Ministry Saint Michael's Hospital

Using state-of-the-art technologies, the diagnostic imaging services team at Ministry Saint Michael's Hospital provides critical details to help physicians diagnose and treat many medical conditions. Diagnostic Imaging refers to the techniques and processes used to create images of the human body for clinical purposes to diagnose or examine diseases. Diagnostic services include fully-equipped laboratories, x-ray facilities and OB ultrasounds.

*These locations are outpatient departments of Ministry Saint Michael's Hospital.

Procedures at This Location


  • 2D Echocardiography - It uses ultrasound to take real time pictures of the heart. It can help diagnose structural and functional problems in the heart. It is not dangerous, and a standard echo TTE has no risks.
  • Stress Echocardiography - A test that helps diagnose heart disease with the help of ultrasound images. Following exercise or other stress to the heart, the images reveal parts of the heart that may not be receiving enough blood or oxygen because of blocked arteries.

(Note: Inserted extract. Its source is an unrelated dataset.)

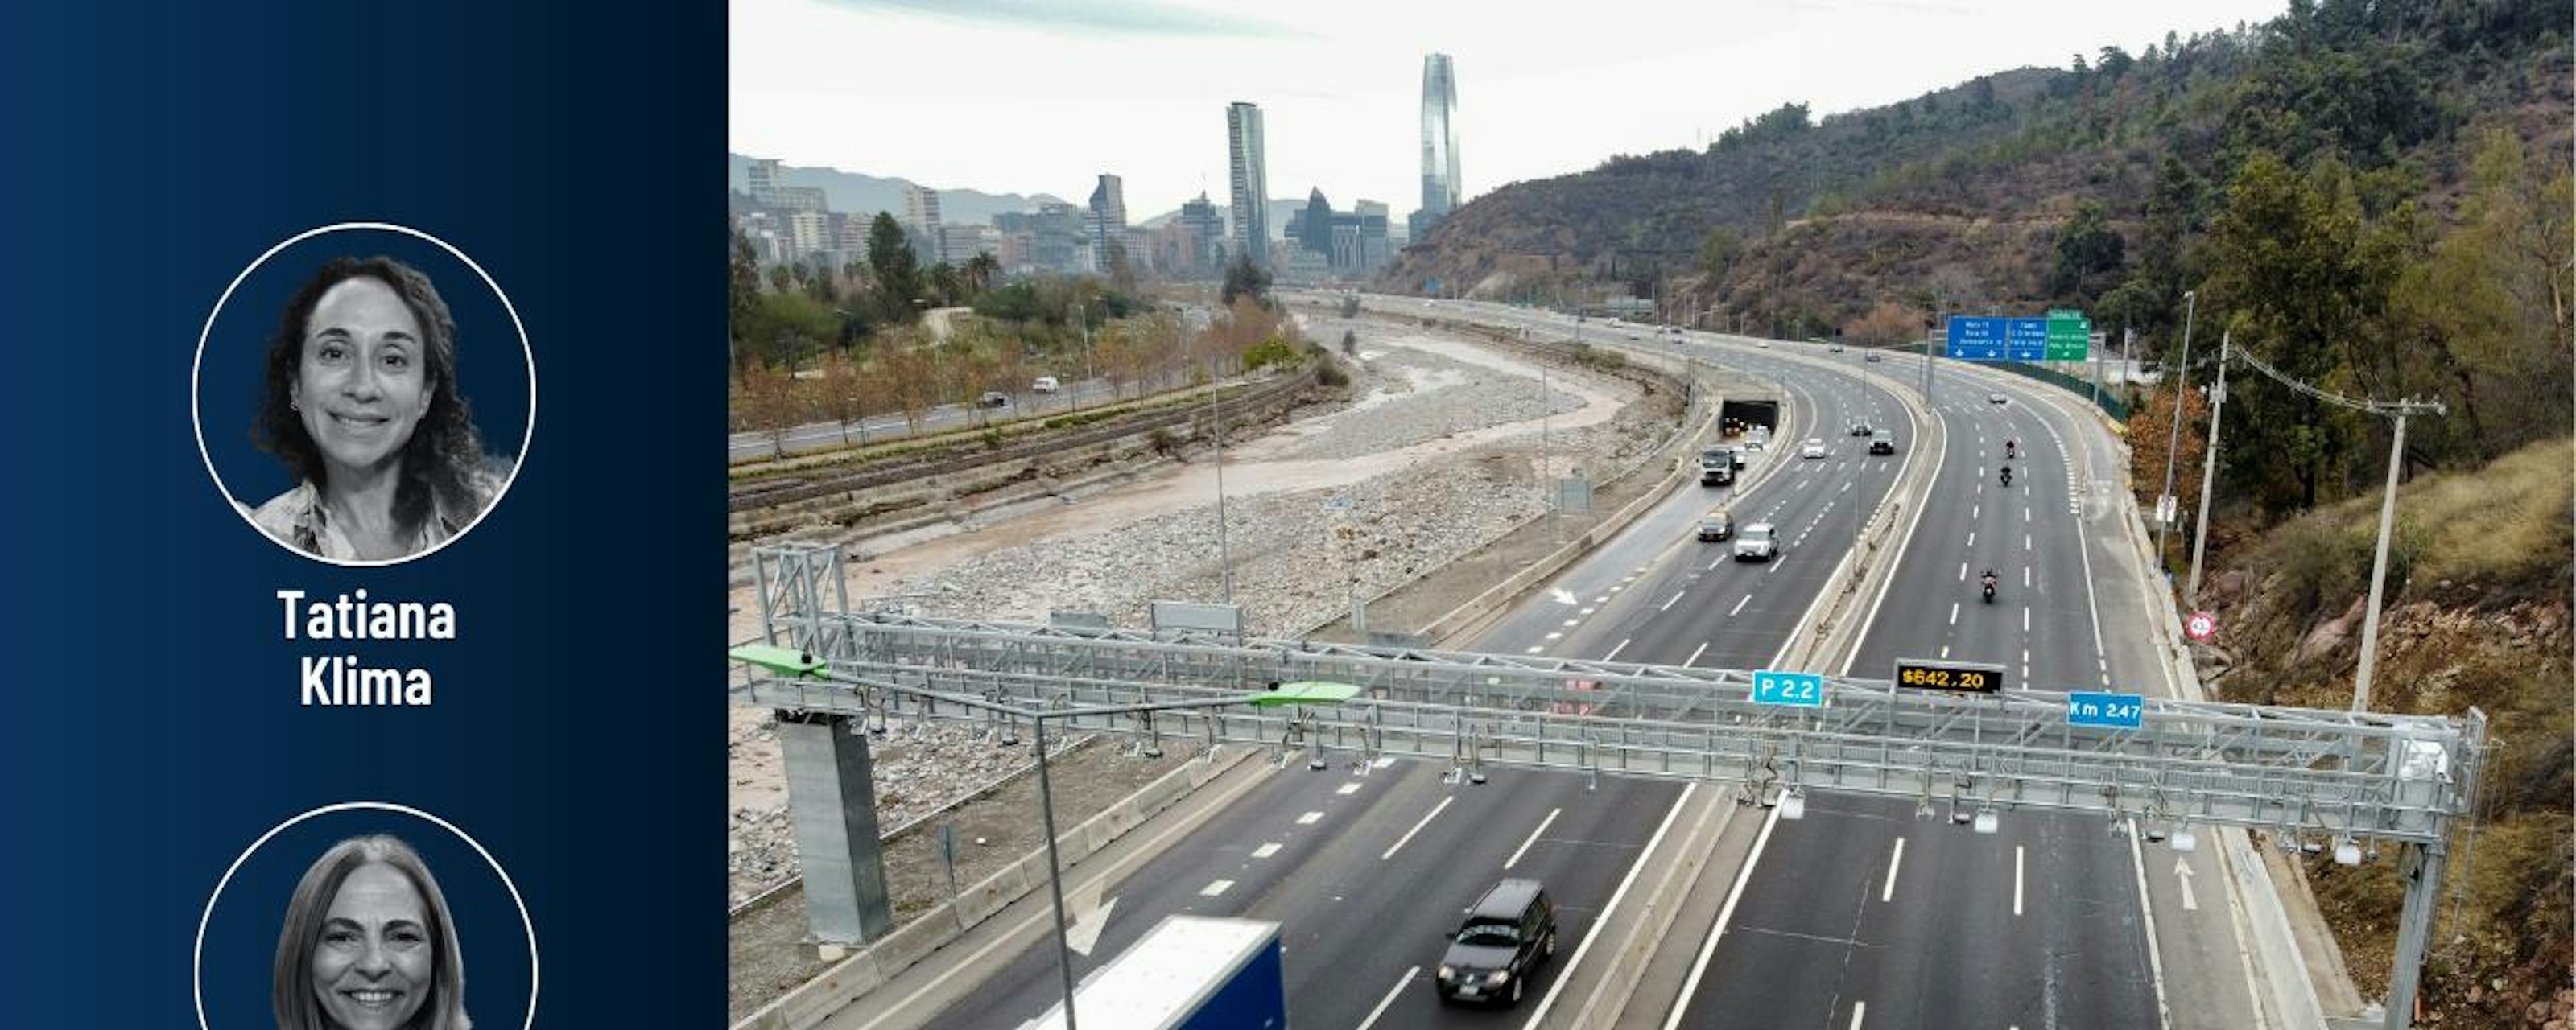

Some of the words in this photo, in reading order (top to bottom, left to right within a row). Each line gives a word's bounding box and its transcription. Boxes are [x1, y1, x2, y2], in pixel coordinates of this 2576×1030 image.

[1761, 678, 1775, 697] P
[1781, 680, 1814, 699] 2.2
[2070, 701, 2099, 717] Km

  • Cardiac Calcium Scoring - A cardiac CT scan for coronary calcium is a non-invasive way of obtaining information about the presence, location and extent of calcified plaque in the coronary arteries—the vessels that supply oxygen-containing blood to the heart wall. Calcified plaque is a build-up of fat and other substances, including calcium, and is a sign of atherosclerosis a disease of the vessel wall, which is called coronary artery disease (CAD).
  • CT Angiography - Imaging technique used to visualize the inside, or lumen, of blood vessels and organs of the body, with particular interest in the arteries, veins and the heart chambers. This is traditionally done by injecting a radio-opaque contrast agent into the blood vessel and imaging using X-ray based techniques such as fluoroscopy.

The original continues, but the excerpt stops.